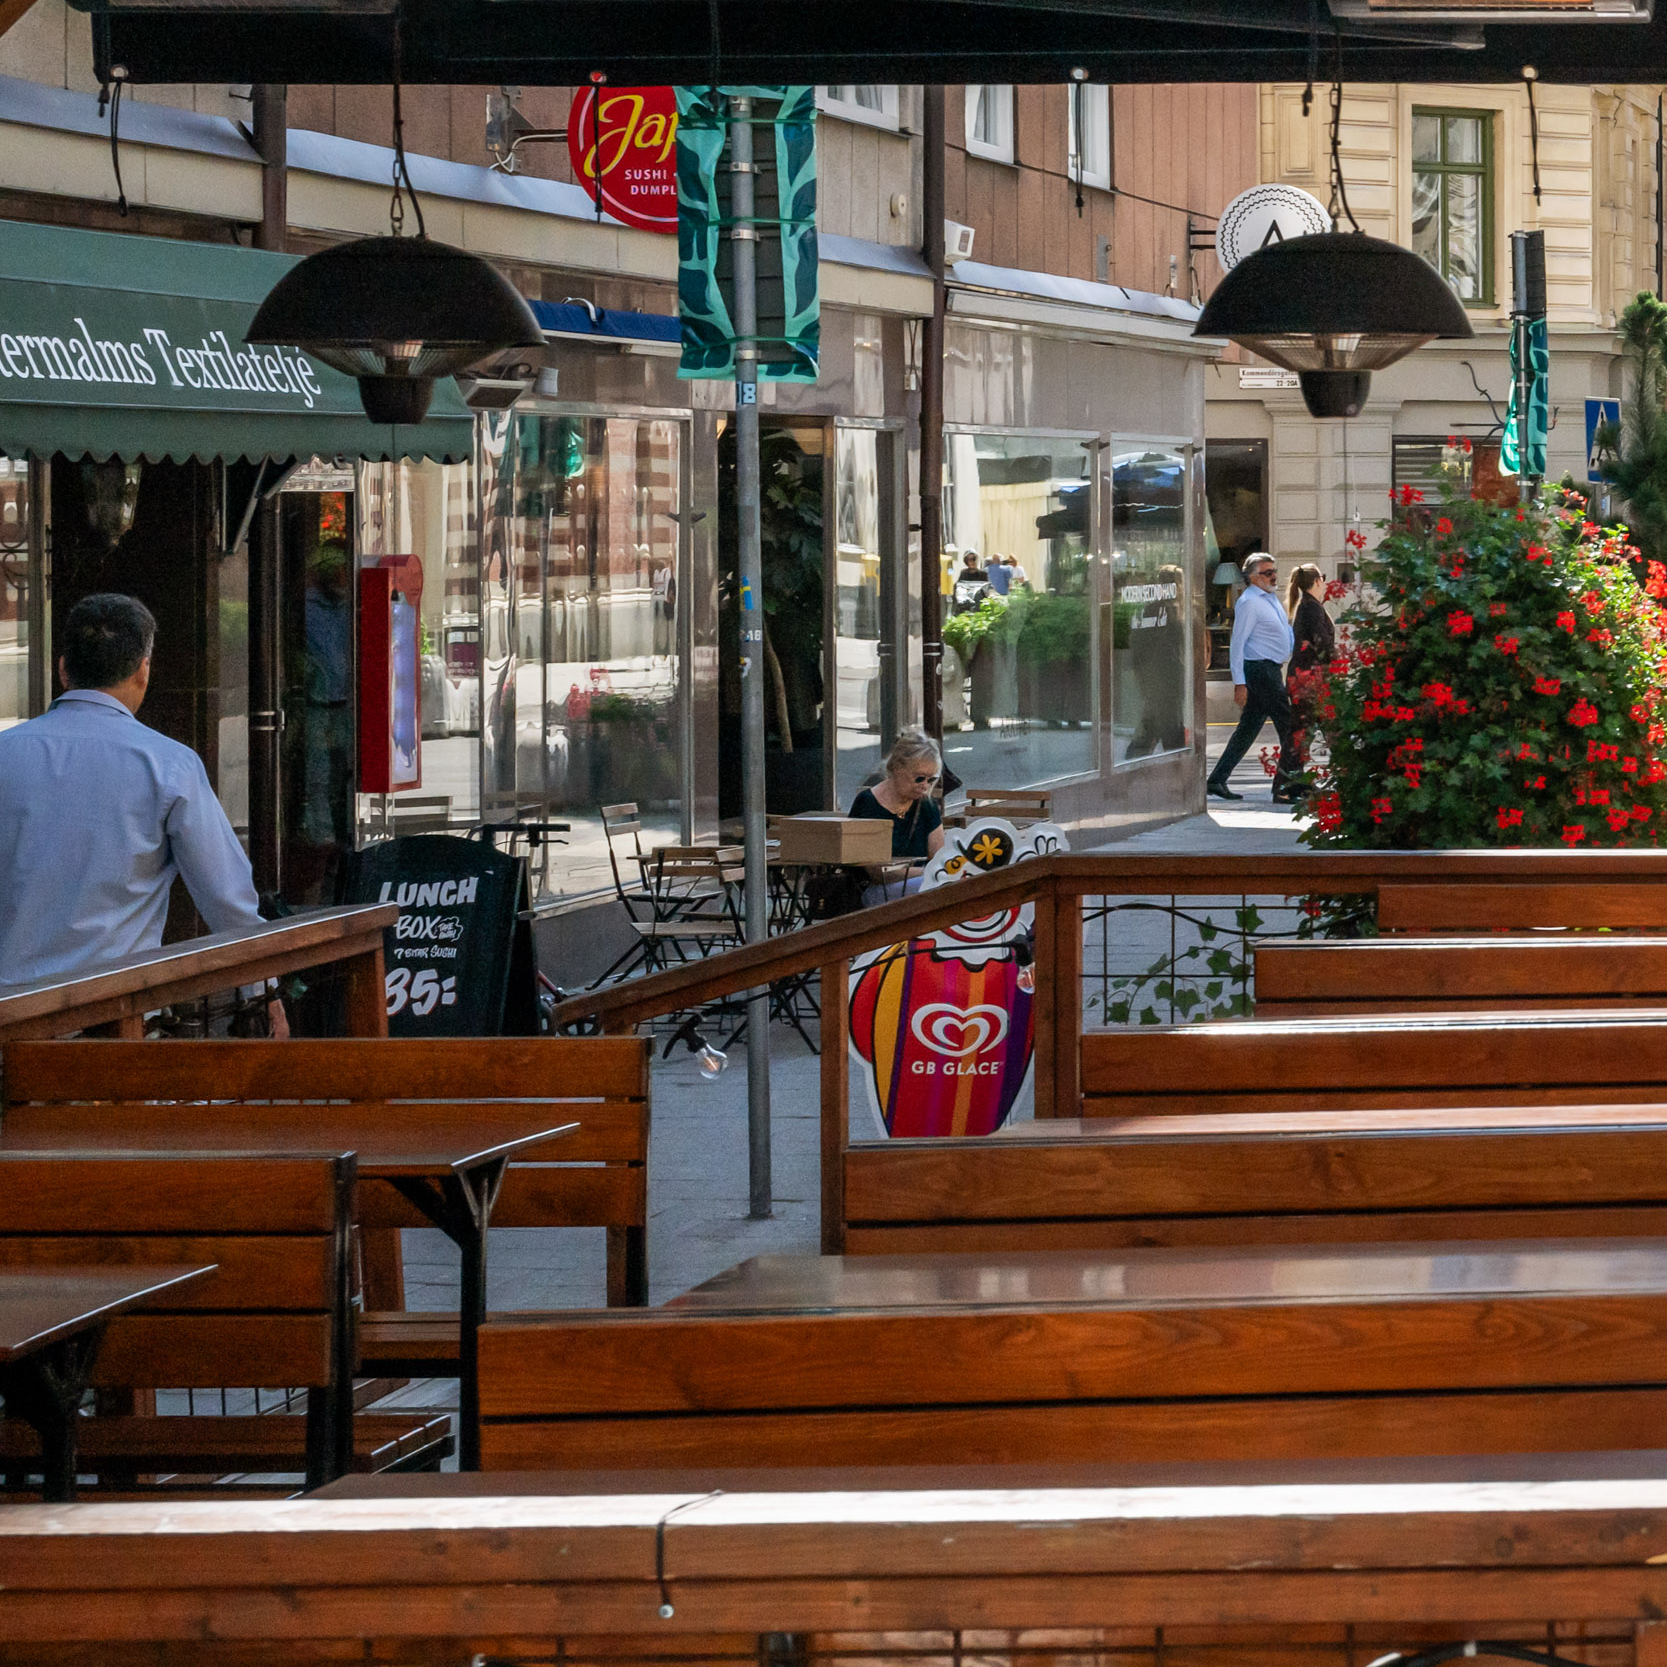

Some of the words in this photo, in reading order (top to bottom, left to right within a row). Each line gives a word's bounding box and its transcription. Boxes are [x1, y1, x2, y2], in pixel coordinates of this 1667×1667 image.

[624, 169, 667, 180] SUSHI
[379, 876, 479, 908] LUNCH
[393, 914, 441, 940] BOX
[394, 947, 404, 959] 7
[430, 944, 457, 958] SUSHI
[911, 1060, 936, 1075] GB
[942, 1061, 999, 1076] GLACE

****************

How to complete this task: Repeat the records exactly but leave out the images.

Expected answer:
Some of the words in this photo, in reading order (top to bottom, left to right within a row). Each line gives a word's bounding box and its transcription. Boxes are [x1, y1, x2, y2], in pixel coordinates of this 1667×1667 image.

[624, 169, 667, 180] SUSHI
[379, 876, 479, 908] LUNCH
[393, 914, 441, 940] BOX
[394, 947, 404, 959] 7
[430, 944, 457, 958] SUSHI
[911, 1060, 936, 1075] GB
[942, 1061, 999, 1076] GLACE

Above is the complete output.